Overall, it appears that workers are fairly confident that they’ll have jobs. They’re less confident that their wages will keep up with inflation, and they may have to grapple with increased costs to work (and less personal time) if they have to go back to offices. Combined with the potential for less disposable income to spend in 2023, it suggests that consumers will make some changes to their spending habits, but not drastic changes (this varies by income level, which I’ll tackle below).

Will the World End?

Unfortunately, this is not a facetious question. Between the conflict in Ukraine and Russia’s not-so-idle nuclear threats, the ever-present tensions with North Korea and Iran, and now the new Covid surge in China, geopolitical uncertainty has been thrust upon the average consumer’s awareness in ways that can definitely impact consumer confidence and spending habits.

The first main threat on consumers’ minds appears to be the threat of nuclear war – which some analysts say hasn’t been this high since the Cuban Missile Crisis. And for as much as Americans fear the potential, the risk is even higher in Europe, between the conflict and damage around Ukraine’s Zaporizhzhia Nuclear Plant and its potential for a devastating meltdown and the potential for Russia to deploy dirty bombs or smaller nuclear weapons directly in Ukraine.

And then there’s Covid. While most countries in the world have had their waves of exposure and surges of illness, China has not. But that zero-tolerance policy ended abruptly in December, and the resulting surge there already looks to be about as bad as it can be. The loss of life, the potential to build on the political protests that led to the policy’s end, all threaten more heartache and instability affecting a very large portion of the global economy.

But the real fear – and danger – is that this many people all experiencing a Covid wave at the same time will lead to new mutations and variants that can escape the vaccine and hard-fought immunity gained elsewhere. And we all know what that could mean for new mandates and restrictions, as well as consumers voluntarily lowering their risk profile by staying home.

When Will This All Be Over?!?

Consumer behavior is driven in large part by their confidence – their confidence in the present, and their confidence in the future. That confidence still rests on shaky ground. But one thing is certain: everyone is tired of worrying, to the point where Trendwatching, for example, called out the term “Permacrisis,” which pretty much needs no definition.

Whether consumers have money, jobs and/or their health, they are looking for a way to lighten the load – and this is where retailers and brands have the most opportunity to impact customer confidence and behavior in 2023.
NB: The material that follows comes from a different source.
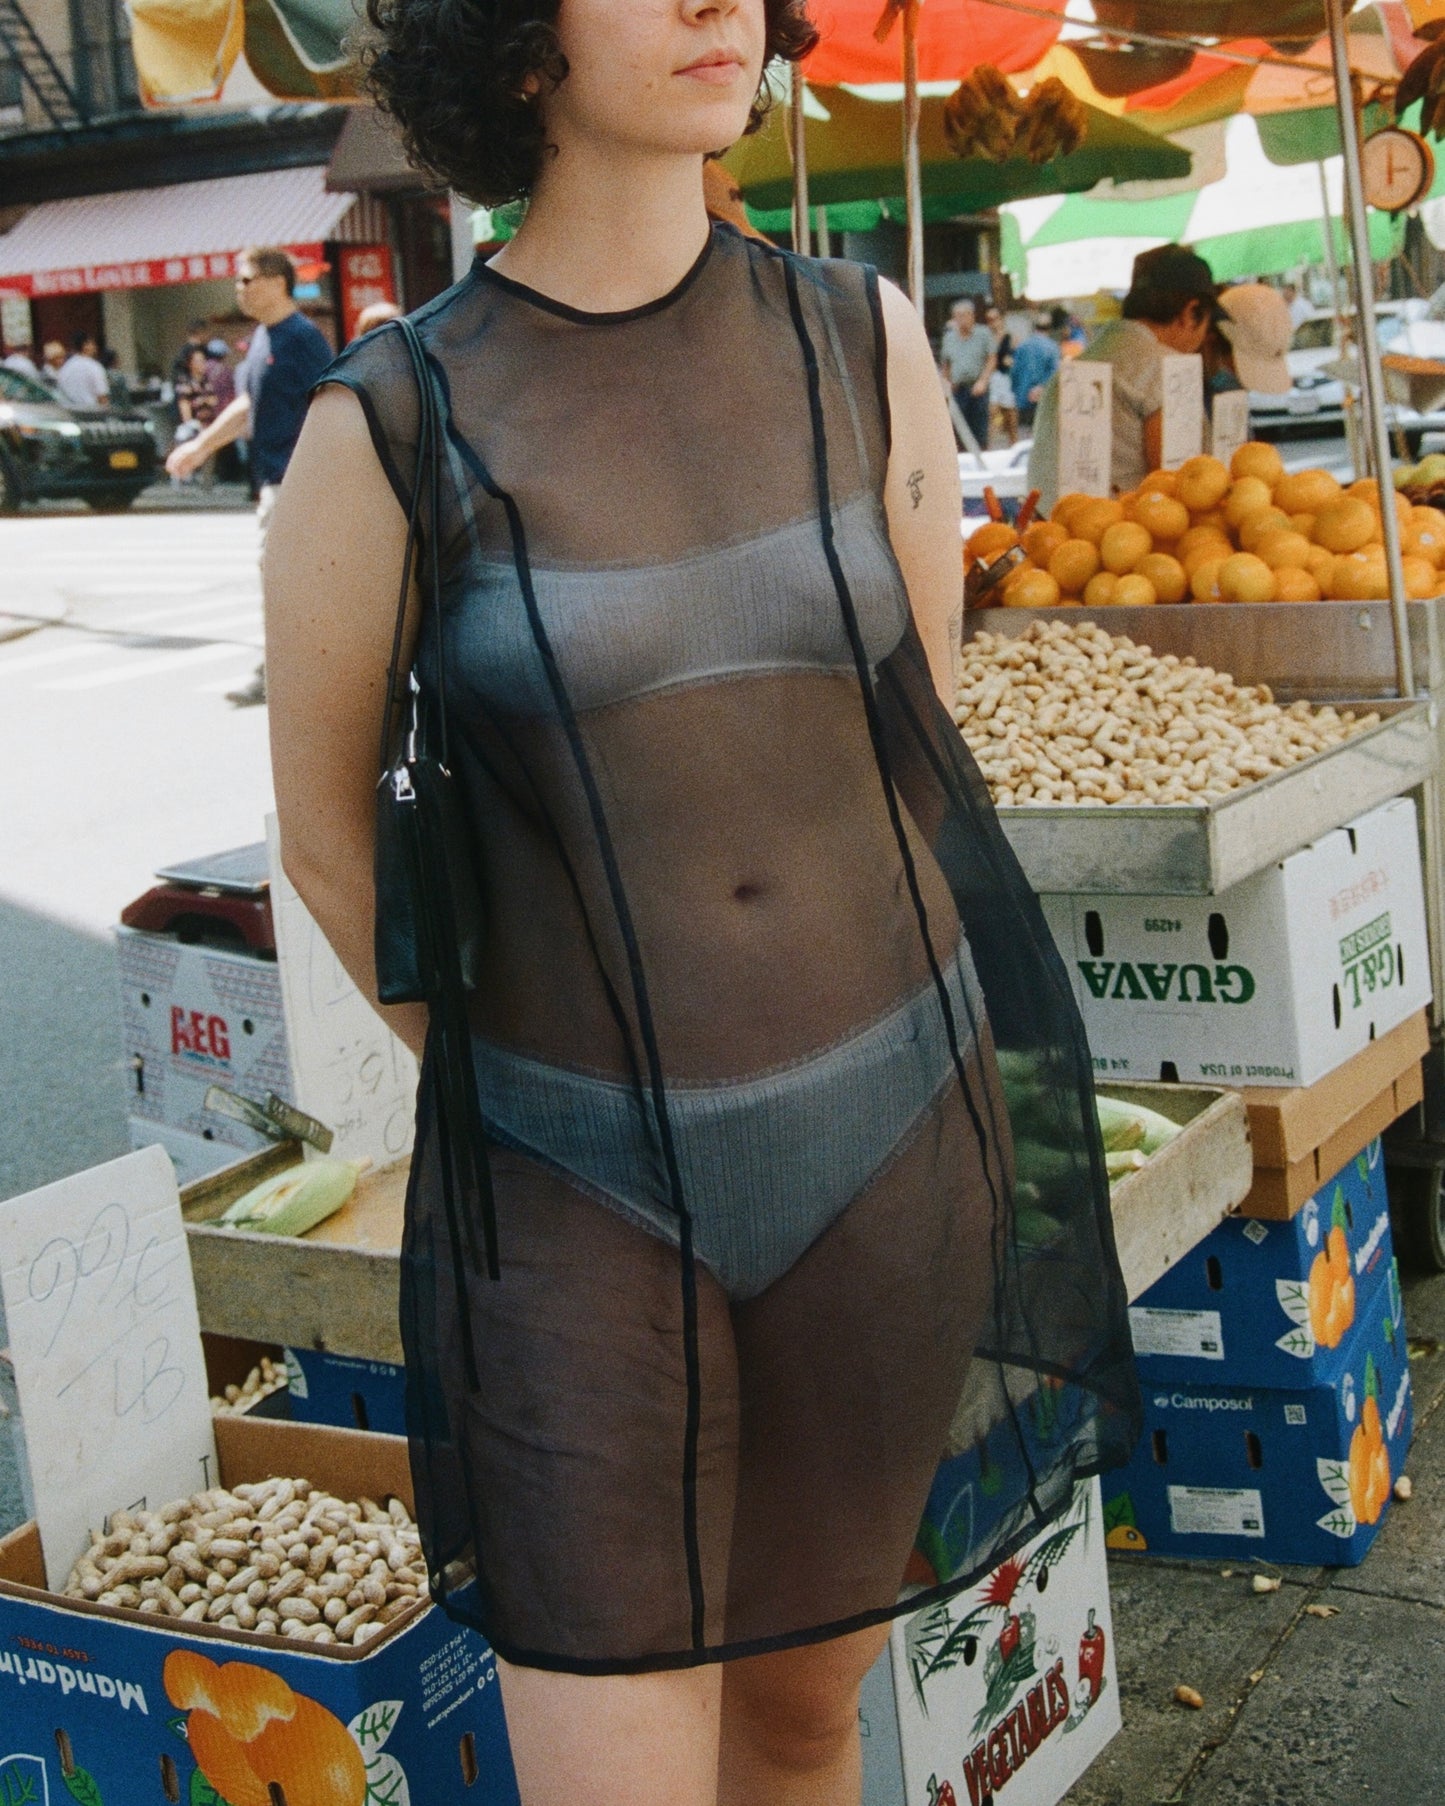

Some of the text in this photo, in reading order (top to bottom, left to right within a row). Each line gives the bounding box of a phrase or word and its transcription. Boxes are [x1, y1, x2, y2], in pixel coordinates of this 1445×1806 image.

Yes, there will be a definitive split between the disposable income and shopping habits of high income shoppers vs. low income shoppers in the year ahead – with low income shoppers looking for any deals that will help them stretch their shrinking disposable income. Yes, there will still be disruption in where consumers shop, as high interest rates and home prices keep more consumers locked in place, and fighting to stay home instead of returning to the office.

But the retailers who win in 2023 will do so by giving consumers a feeling of escape, of hope. A glimpse of a brighter future ahead. A light at the end of the tunnel. Whether those things are true or realistic, it’s all about how consumers feel. And whatever happens, they want to feel much better about 2023.